Crispin Wright has a view about rule following (see e.g. his book 'Wittgenstein on the Foundations of Mathematics') which sounds a lot more like what one would get if one pursued Kripke's analogy with Hume's'sceptical solution' to the problem of causality. According to Hume, a statement to the effect that A caused B entails the existence of a universal generalization - referring to all places and times - which in effect makes a causal claim a very powerful claim. Similarly, Wright's idea is that meanings can be defined in terms of community agreement, which in a similar way makes the statement that an expression means such-and-such a very strong claim. Who can ever speak for the entire community with any degree of confidence?

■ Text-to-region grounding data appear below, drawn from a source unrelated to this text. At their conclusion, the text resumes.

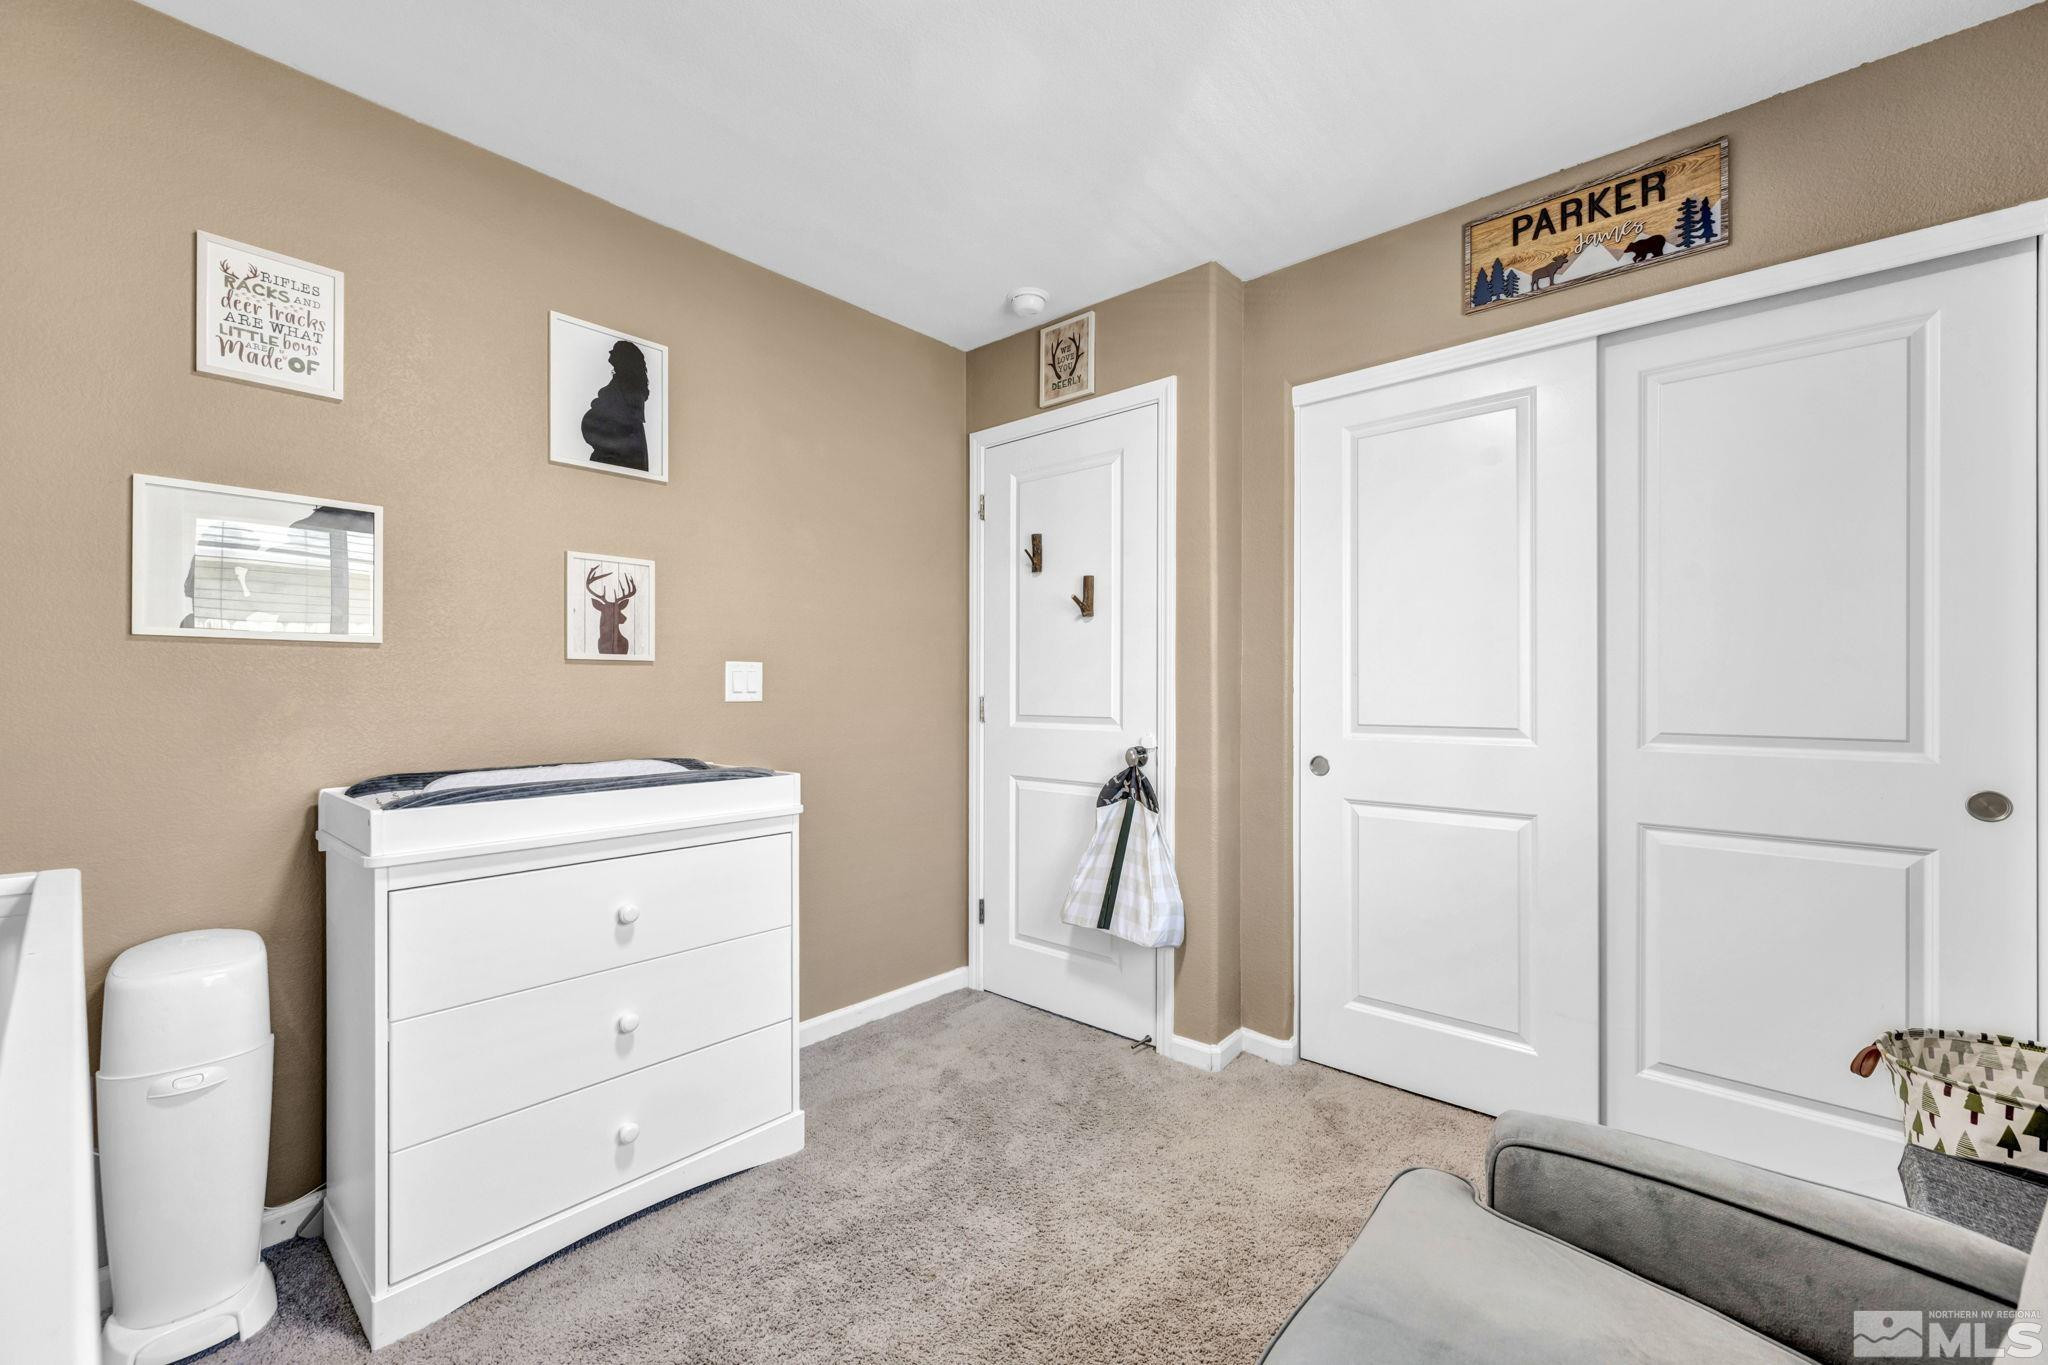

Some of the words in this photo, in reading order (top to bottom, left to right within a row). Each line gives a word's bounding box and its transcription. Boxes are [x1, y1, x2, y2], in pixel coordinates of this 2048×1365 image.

[1512, 170, 1666, 246] PARKER
[224, 275, 291, 303] RACKS
[294, 296, 321, 309] AND
[260, 271, 321, 297] RIFLES
[221, 289, 263, 316] deer
[267, 302, 326, 333] tracks
[223, 312, 264, 330] ARE
[269, 321, 323, 345] WHAT
[219, 323, 279, 347] LITTLE
[283, 333, 319, 357] boys
[245, 343, 269, 353] ARE
[1060, 345, 1072, 354] WE
[288, 357, 320, 376] OF
[1057, 352, 1075, 364] LOVE
[1058, 362, 1073, 373] YOU
[1052, 374, 1082, 391] DEERLY

Kripke doesn't seem to go as far as this. I'm wondering, therefore, whether your criticism in 3. ('Kripke's Begging the Question') is really fair. But let's look at the crucial paragraph in PI, 201. 'If everything can be made out to accord with the rule, then it can also be made to conflict with it. And so there would be neither accord nor conflict here.' Wittgenstein goes on to say, 'It can be seen that there is a MISUNDERSTANDING here...'. Kripke seems to want to agree that there is no such thing as 'accord' or 'conflict' with a rule. The rule has no logical power to constrain what we do therefore we are free do what we like. 'Each new application we make is a leap in the dark.'

Wittgenstein's reply to this would be, 'There is a way of grasping a rule which is NOT AN INTERPRETATION.' In other words, there ARE rules, and we DO grasp them. We show that we grasp them by what we do 'in actual cases'. This is 'naturalized Platonism'. It is perfectly OK to talk about meanings - provided that one is not tempted by the illusion of 'superlative facts' lying behind our ordinary practice of discussing and criticizing one another's use of words.

I think that you and Kripke are both right about the private language argument. The point is that there IS no single argument which deserves the label, 'private language argument'. 202 is a version of 'the' private language argument, and so is 258 (sensation 'S'), and so is 293 (beetle in the box). AND all the bits in between.

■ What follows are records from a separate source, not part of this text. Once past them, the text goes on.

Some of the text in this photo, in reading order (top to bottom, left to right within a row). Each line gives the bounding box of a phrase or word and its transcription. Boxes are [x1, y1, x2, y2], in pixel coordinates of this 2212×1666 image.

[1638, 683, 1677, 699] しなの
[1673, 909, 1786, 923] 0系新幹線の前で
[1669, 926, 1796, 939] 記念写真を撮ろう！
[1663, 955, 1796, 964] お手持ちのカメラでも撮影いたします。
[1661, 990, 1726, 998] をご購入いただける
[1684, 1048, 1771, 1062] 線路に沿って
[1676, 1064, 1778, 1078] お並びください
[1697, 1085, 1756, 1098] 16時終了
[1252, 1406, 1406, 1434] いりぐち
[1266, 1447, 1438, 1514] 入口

There are rules by virtue of which a person's use of words is evaluated as 'right' or 'wrong'. These rules presuppose the existence of a community and a 'form of life'. The philosopher who falls under the illusion of the 'private object' believes that he/she has found an object which the mind is so 'close' to the subject to that it is impossible to be 'wrong' about it. But this is complete nonsense. If you can't be 'wrong' then you can't be 'right' either. It's as simple as that. The way to read what Wittgenstein says about 'private language' is as responses to numerous attempts to defend the vision of the private object - all of which fail, for different - and interesting - reasons.

You say at one point, 'It is not the denial of a private inner realm of phenomena but it is nonsense to take it into consideration. The essential thing about inner experience is that nobody knows whether other people also have this or something else.' Wittgenstein would take that statement as an expression of the illusion that he is battling against (cf. the beetle in the box). Yes, he is not denying an inner realm of phenomena. He is not denying that we have pains, and do not merely exhibit pain behaviour etc. etc. But he would strongly reject the idea that I can never know whether my THIS (e.g. looking up at a blue sky) is the same or different (e.g. same or different colour - but we needn't stop there) from your THIS.

One possible reason why one might make this mistake is that Wittgenstein himself gives the example of sensation 'S'. So one is tempted to read his argument as saying that we 'have' S all right, but just can't talk about it, we can't introduce the term 'S' into the language game. Hence your example of the useless chess piece. However, this misses the point that this is a hypothesis which Wittgenstein is setting up for the sake of reductio ad absurdum. We do have sensations - including sensations we have never experienced before - but this is NOT how we refer to them.

I could go on, but I'll stop there. I haven't mentioned all the things I liked in your essay, so you might get the wrong impression. Overall, this is not a bad piece of work.